Fix handling of multiple OPENPGPKEY records in the DNSSEC module

[msehnout]

Work in progress. I mainly want to trigger CI.

[xsuchy]

LGTM

Here is a background http://miroslav.suchy.cz/blog/archives/2021/02/18/different_opengpg_dns_entries_for_the_same_email/index.html

[lukash]

Just testing the CI... bors try

[bors[bot]]

try

Build succeeded:

• DNF CI

[msehnout]

I'd like to use a packit build to verify that this modification works but it seems to fail consistently in all PRs. Are there any plans to fix it, @lukash ?

[xsuchy]

There is an issue. The code stores to DNSSECKeyVerification._cache only one key, not the whole set.
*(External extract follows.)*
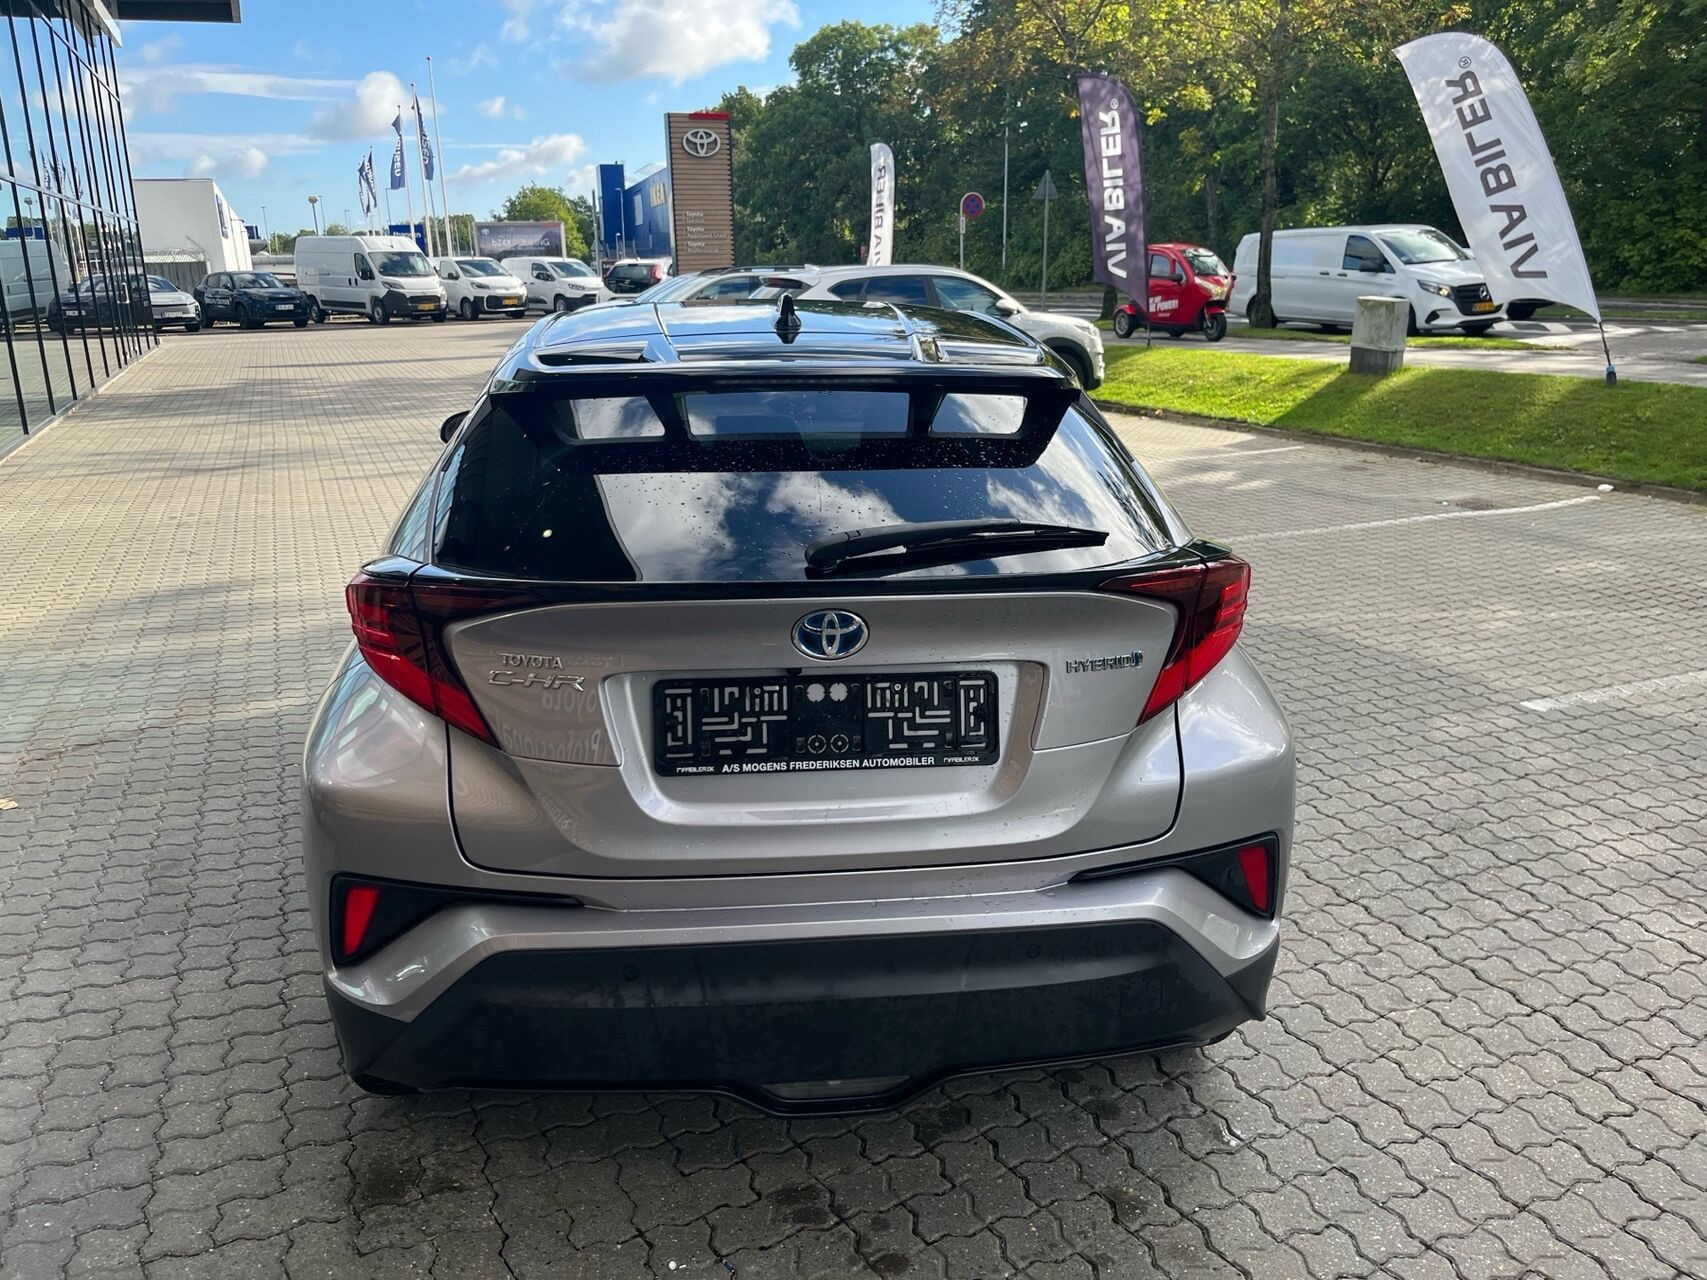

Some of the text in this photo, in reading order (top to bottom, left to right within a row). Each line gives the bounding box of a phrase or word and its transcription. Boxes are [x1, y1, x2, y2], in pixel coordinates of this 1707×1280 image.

[501, 652, 564, 670] TOYOTA
[1066, 655, 1132, 673] HYBRID
[487, 670, 585, 692] C-HR
[722, 757, 935, 773] A/S MOGENS FREDERIKSEN AUTOMOBILER
You can try it with [email protected] who already has keys in DNS and has 3 keys there. The first cache_miss results in VALID, but the next loop for [email protected] goes into cache_hit but the key in the cache does not match input_key.key

[msehnout]

There is an issue. The code stores to DNSSECKeyVerification._cache only one key, not the whole set.

You can try it with [email protected] who already has keys in DNS and has 3 keys there. The first cache_miss results in VALID, but the next loop for [email protected] goes into cache_hit but the key in the cache does not match input_key.key

Good catch!

[msehnout]

I tried to patch the code to include the whole set in the cache, but I haven't had time to run it yet.

[j-mracek]

I am really sorry but the PR is open to long as Draft, therefore I am closing it.

Note: The future of software-management is in DNF5. DNF5 is written in C++ therefore the support of DNSSEC will require completely different implementation.